The economy in Brazil for many years was the shining beacon of the Americas. For a time it was the envy of some in the U.S. Now an ongoing recession is forcing the Catholic Church to ask for help with refurbishing the Christ the Redeemer statue overlooking Rio de Janeiro.
The iconic statue, standing 98 feet tall atop the 2,328 feet-high Corcovado Mountain, was officially unveiled in 1931 after five years of construction. It was built to celebrate Brazil’s 100 years of independence from Portugal… or, depending on whom you believe, to counteract the increasing godlessness in the country. Whatever the reason for its presence, it has suffered the effects of weather, including lightning. A major renovation is planned. The last refurbishment was done after major vandalism in 2010.
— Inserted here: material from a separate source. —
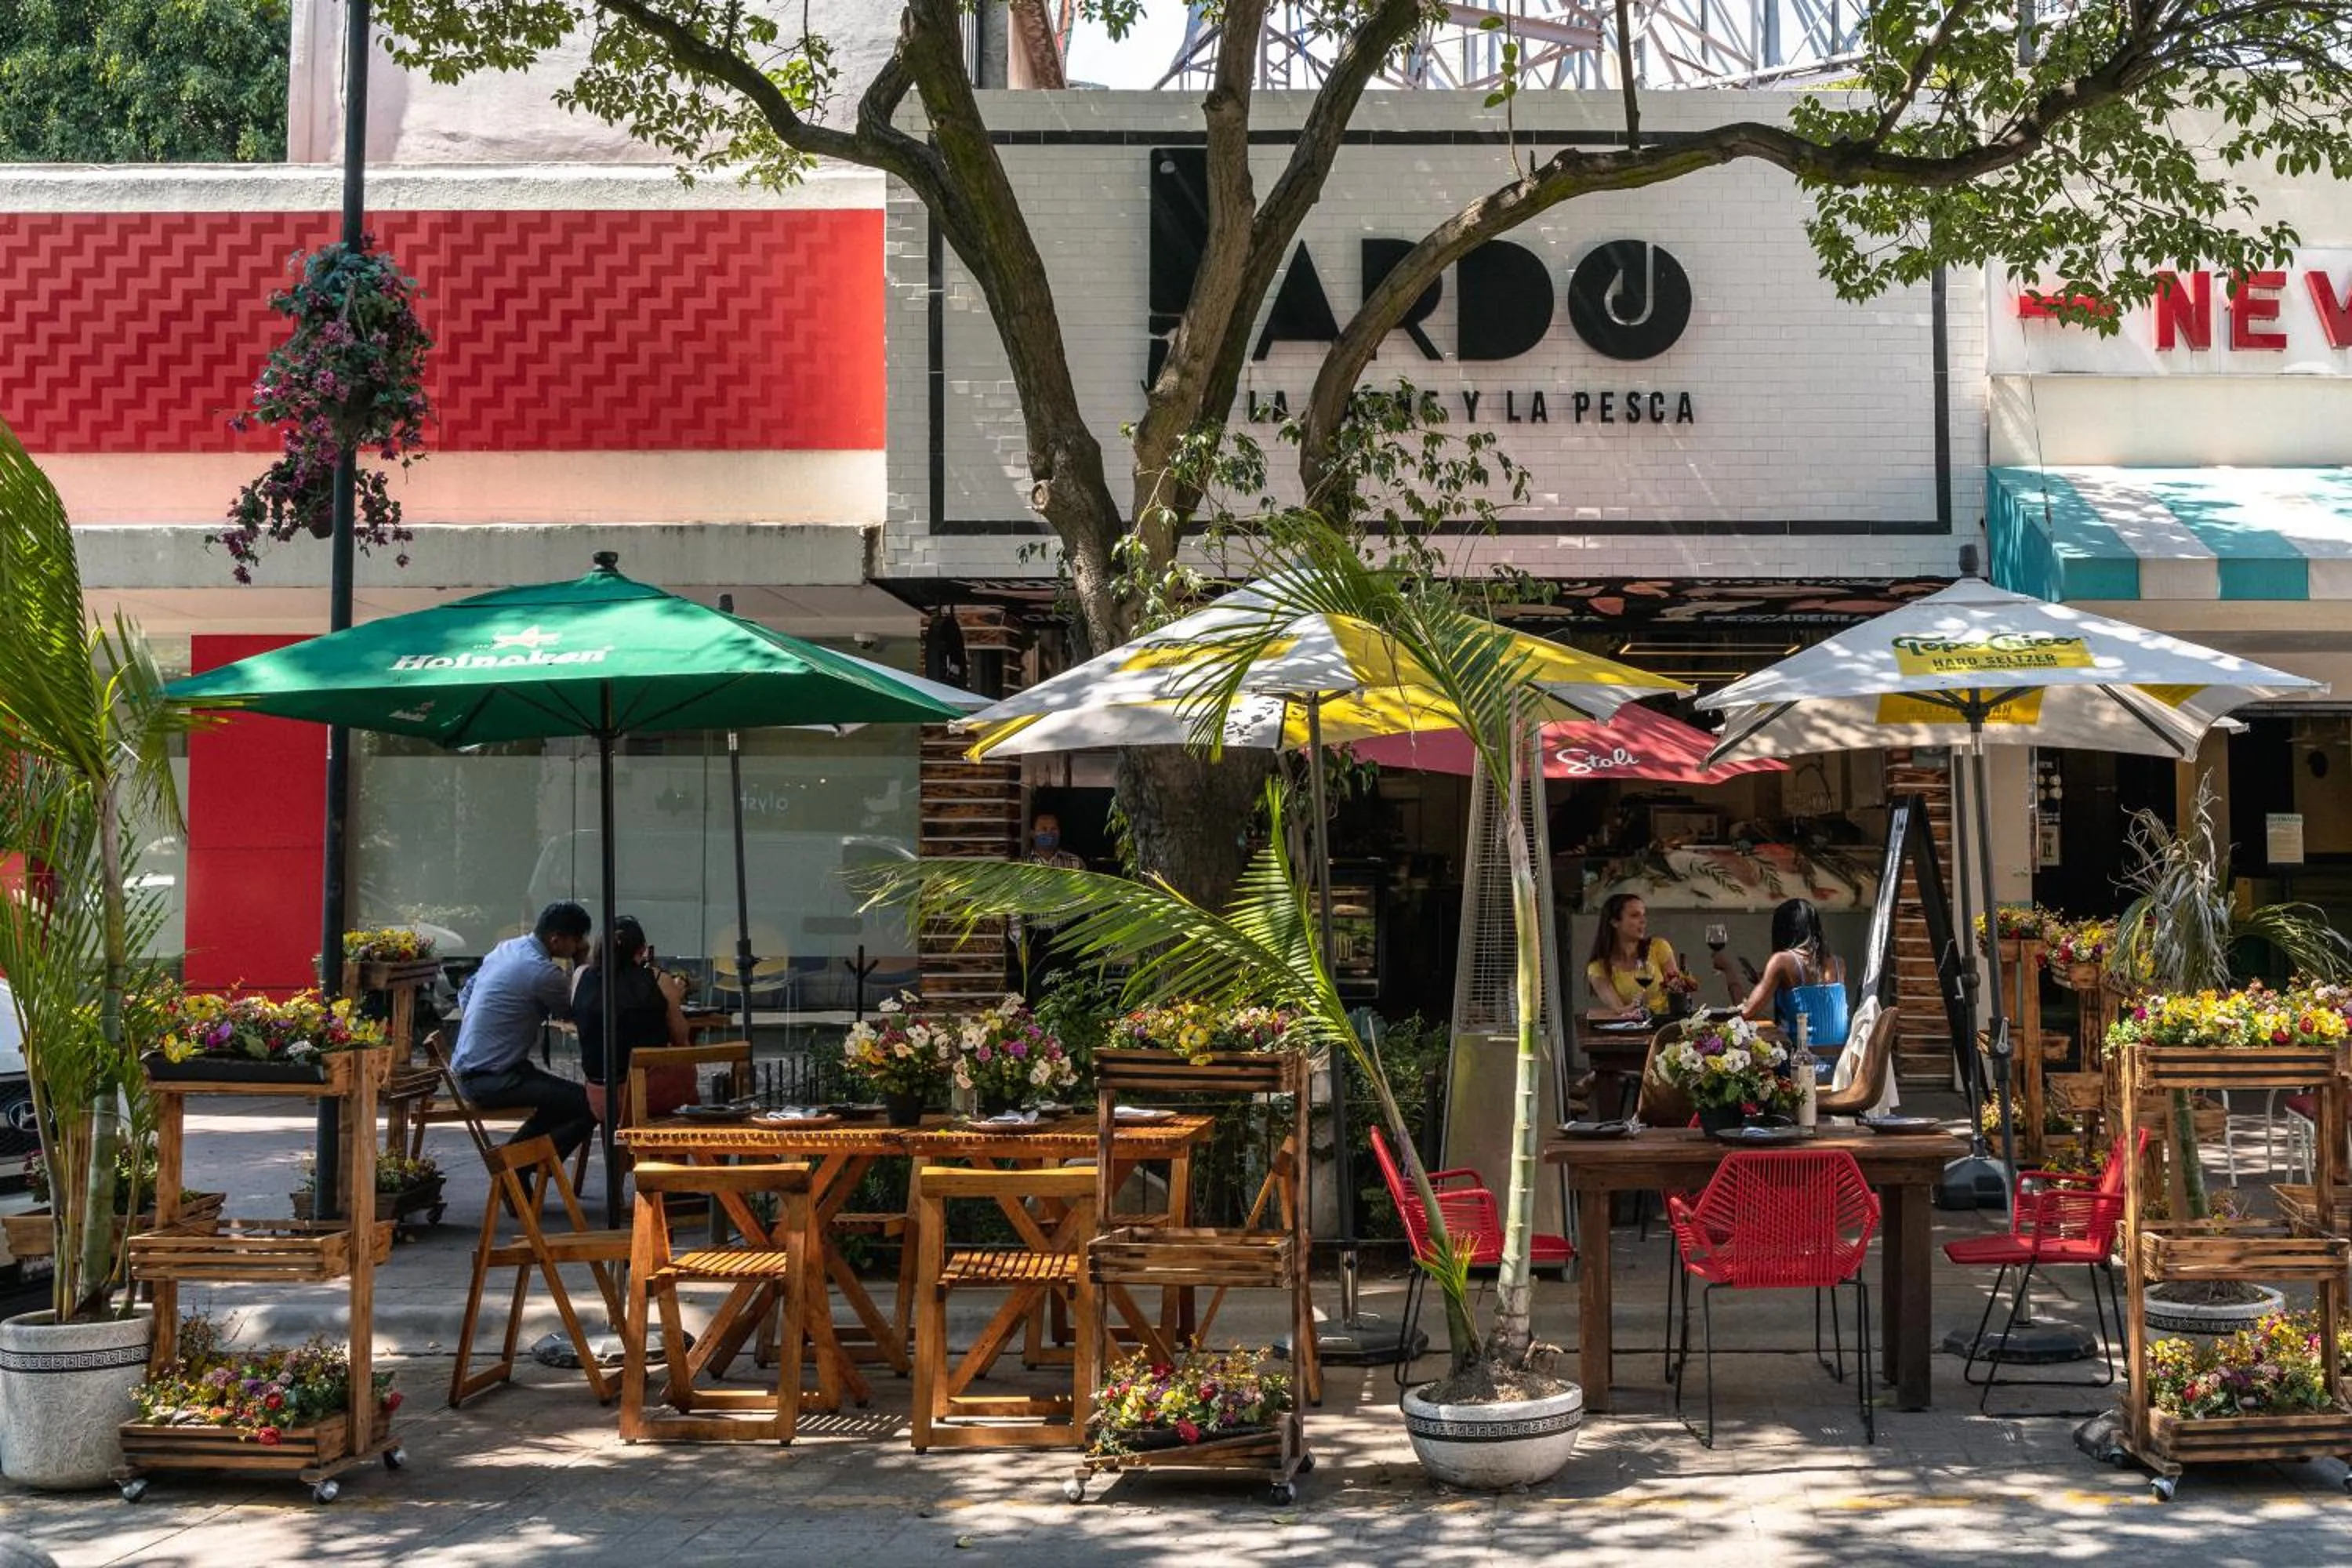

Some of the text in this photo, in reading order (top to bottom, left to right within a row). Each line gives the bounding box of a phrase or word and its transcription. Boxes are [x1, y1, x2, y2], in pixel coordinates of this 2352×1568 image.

The Catholic Church is responsible for maintenance of the landmark. They are planning a special fundraiser called Friends of Christ the Redeemer to generate the needed cash. Orani João Tempesta, archbishop of Rio de Janeiro, pleads,
“If you think of Paris, you think of the Eiffel Tower. If you go to New York, you visit the Statue of Liberty. For the past 85 years the monument has been maintained with the help of private donations and the Catholic Church’s own resources. But unfortunately, with the economic crisis in Brazil, we need to appeal for more contributions to make ends meet.”